“We see this as a brand-building event,” Rorsted said. “The direct financing impact is limited.”
Adidas, which has been an official FIFA sponsor and partner since 1970, spends much of its money on ball branding, referee gear and placement around the stadium. Nike likes to bank on individual stars, sponsoring players and teams, outfitting them from head to toe.
Adidas had 12 official team sponsorships when the World Cup began back in June, including their home nation Germany that costs a whopping $56.7 million.
Nike also shelled out about $56 million on the French national team and about $40 million to sponsor the English team. Nike’s big bet panned out as both teams made it through to the semi-finals. As always with sports, you can never predict the outcome and Adidas unluckily saw its last team, Belgium, eliminated earlier this week.

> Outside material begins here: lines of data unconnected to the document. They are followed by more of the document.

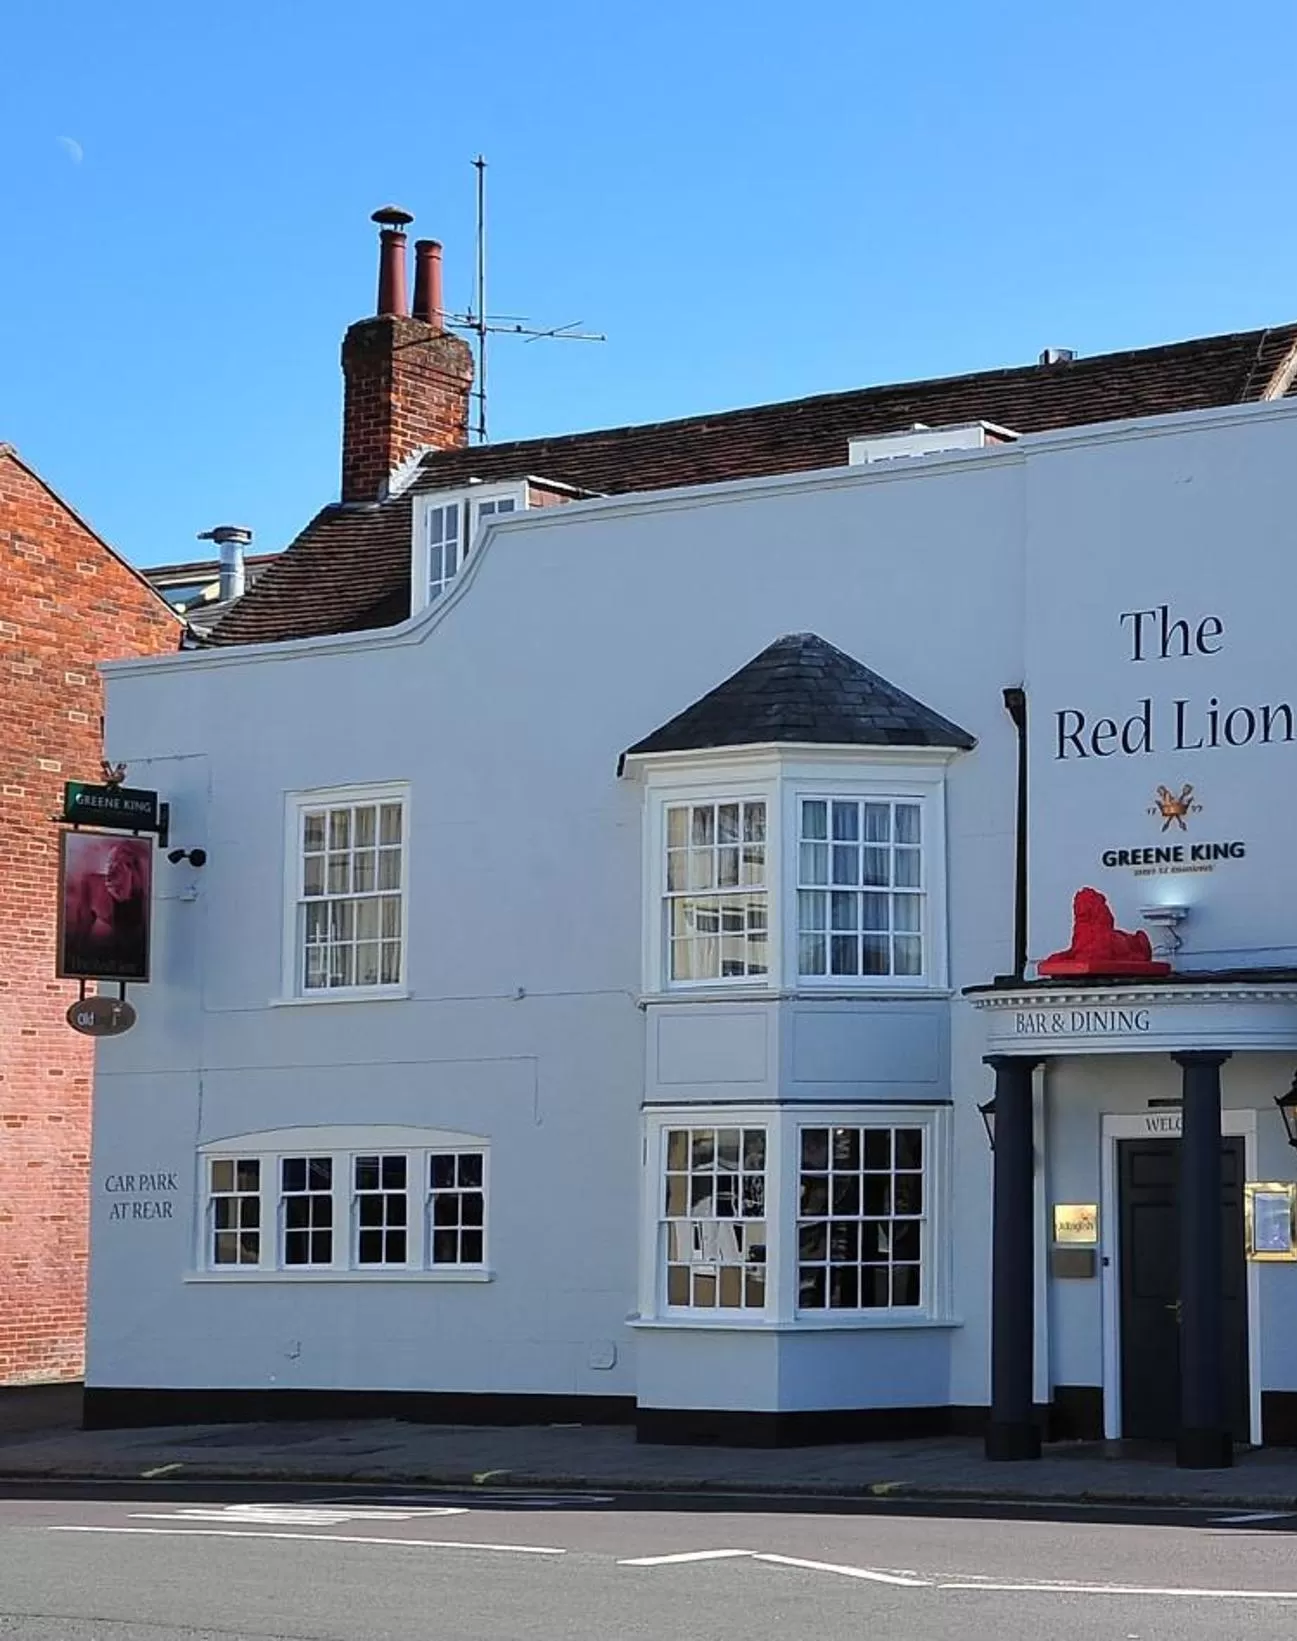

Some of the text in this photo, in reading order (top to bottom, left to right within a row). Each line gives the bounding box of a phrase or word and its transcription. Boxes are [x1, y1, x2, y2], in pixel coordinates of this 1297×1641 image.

[1119, 604, 1224, 662] The
[1053, 697, 1297, 761] Red Lion
[75, 793, 121, 809] GREENE
[123, 799, 152, 813] KING
[1101, 841, 1246, 868] GREENE KING
[1015, 1009, 1150, 1034] BAR & DINING
[1145, 1117, 1183, 1133] WELC
[105, 1173, 178, 1192] CAR PARK
[109, 1201, 173, 1219] AT REAR
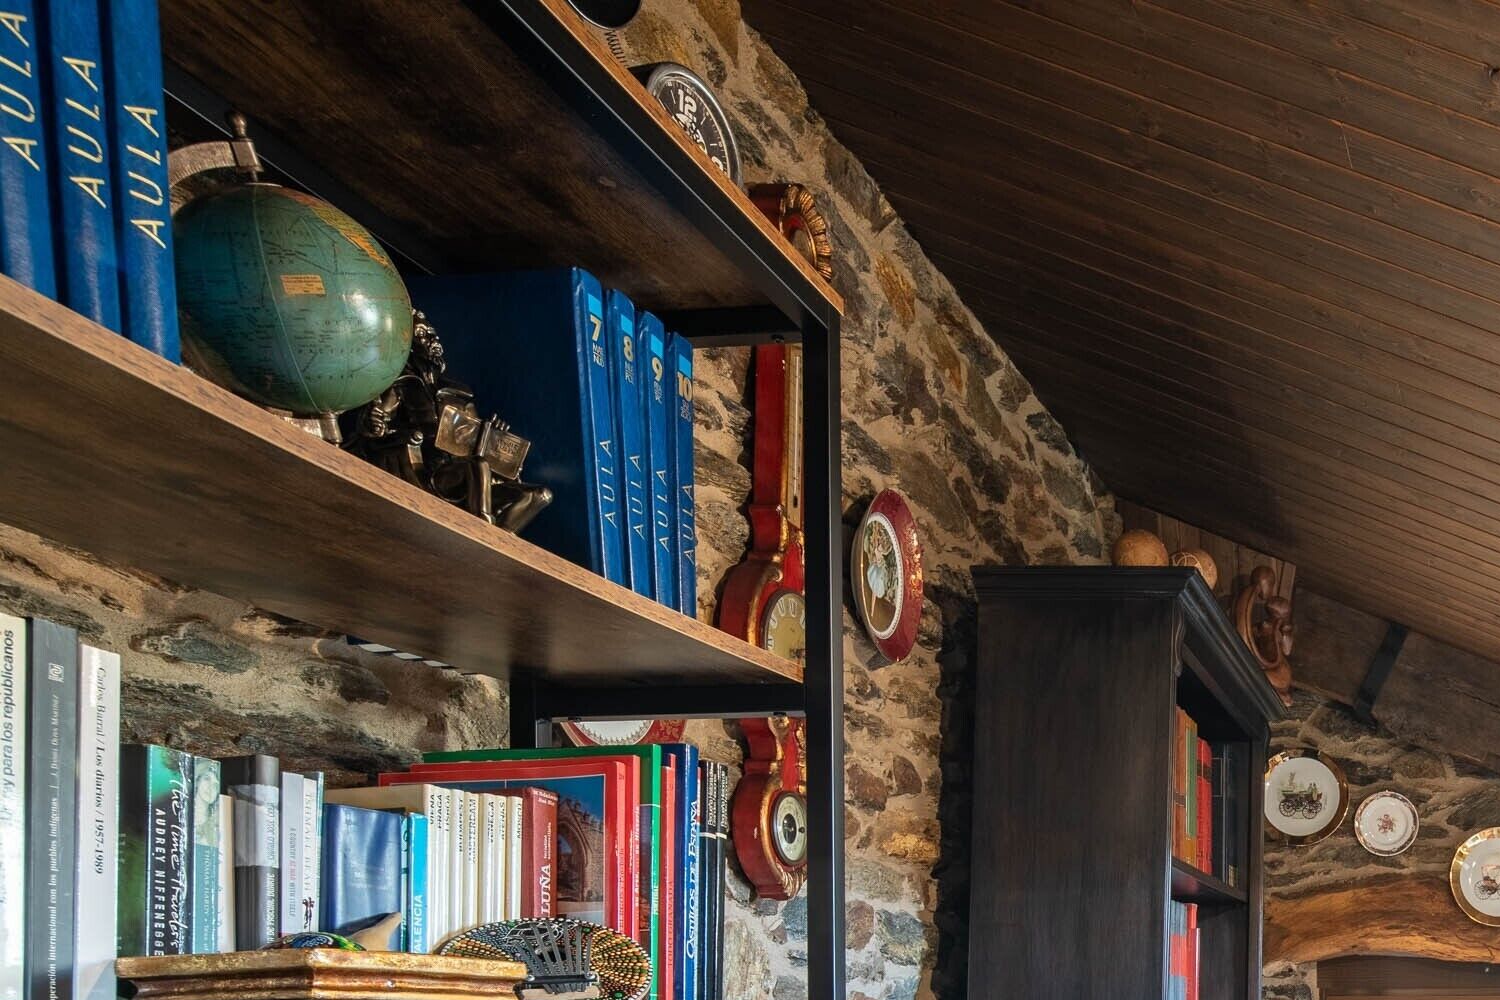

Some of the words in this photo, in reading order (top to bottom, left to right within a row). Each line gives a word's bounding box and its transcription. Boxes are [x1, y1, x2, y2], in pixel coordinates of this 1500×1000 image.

[0, 12, 40, 171] AULA
[677, 88, 698, 120] 12
[62, 56, 106, 208] AULA
[123, 105, 166, 249] AULA
[590, 314, 602, 342] 7
[623, 336, 634, 362] 8
[652, 357, 663, 382] 9
[677, 371, 692, 402] 10
[600, 440, 617, 528] AULA
[629, 455, 646, 540] AULA
[656, 470, 670, 553] AULA
[682, 485, 695, 566] AULA
[1, 630, 16, 719] republicanos
[96, 667, 107, 699] Carlos
[1, 723, 12, 742] los
[95, 705, 106, 736] Barral
[3, 745, 16, 776] para
[95, 747, 105, 767] Los
[95, 769, 105, 808] diarios
[168, 776, 189, 816] The
[48, 796, 60, 837] indígenas
[154, 808, 166, 863] AUDREY
[48, 840, 59, 873] pueblos
[94, 818, 105, 874] 1957-1989
[168, 823, 188, 868] Time
[47, 874, 56, 886] los
[48, 889, 56, 904] con
[539, 864, 551, 915] LUÑA
[47, 906, 57, 961] internacional
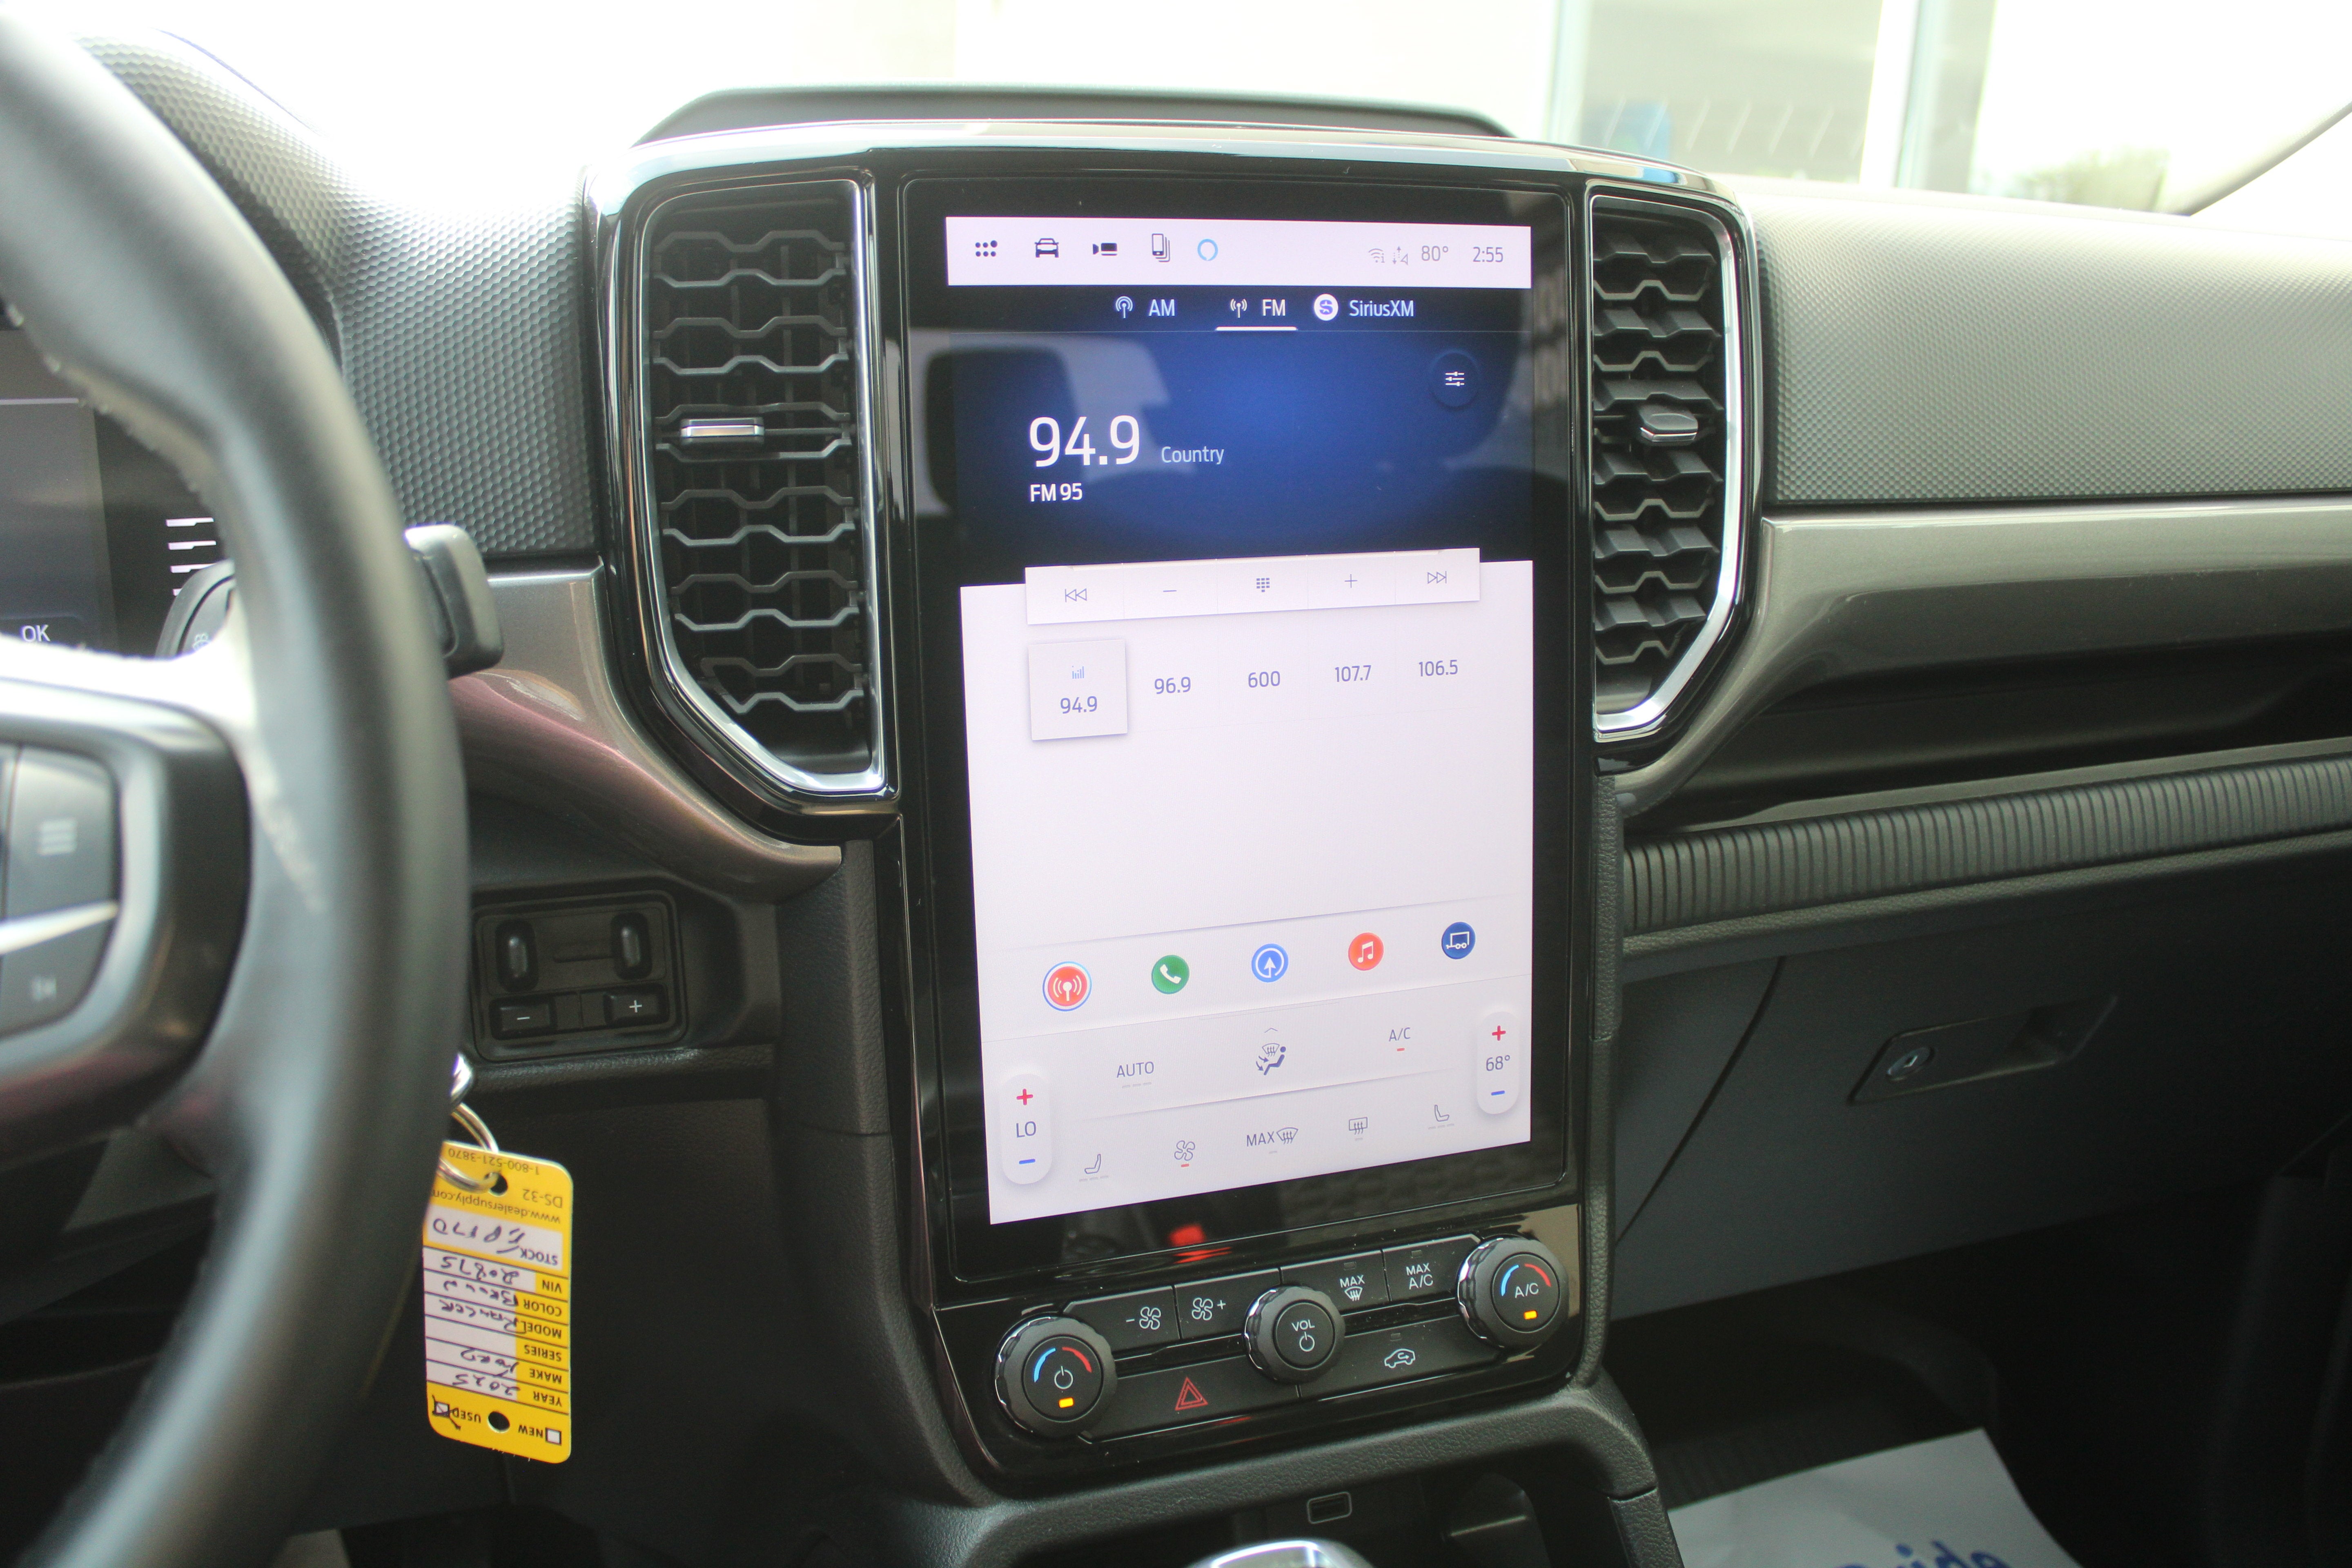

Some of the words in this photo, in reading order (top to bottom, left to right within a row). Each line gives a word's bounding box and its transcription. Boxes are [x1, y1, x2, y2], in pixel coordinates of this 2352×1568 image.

Macquarie retail analyst Andreas Inderst says the main goal for a brand is visibility and sponsorship, having a team in a knockout round, semi-final or the final undoubtedly gives a boost to any brand.
“You see an immediate return with jerseys. If a certain team wins the World Cup then of course you want to buy the jersey,” he said. There is a second wave of sales around the semi-finals and finals, then a third wave after the final, he said.
Nike saw a spike in shirt sales in the U.K. after England, the unlikely contender, continued advancing through the tournament. The company even faced a shortage of jerseys ahead of the semi-finals. Nike’s vice president of Western Europe told Germany’s Handelsblatt: “Thanks to the good performance of our teams, the jerseys are selling phenomenally.”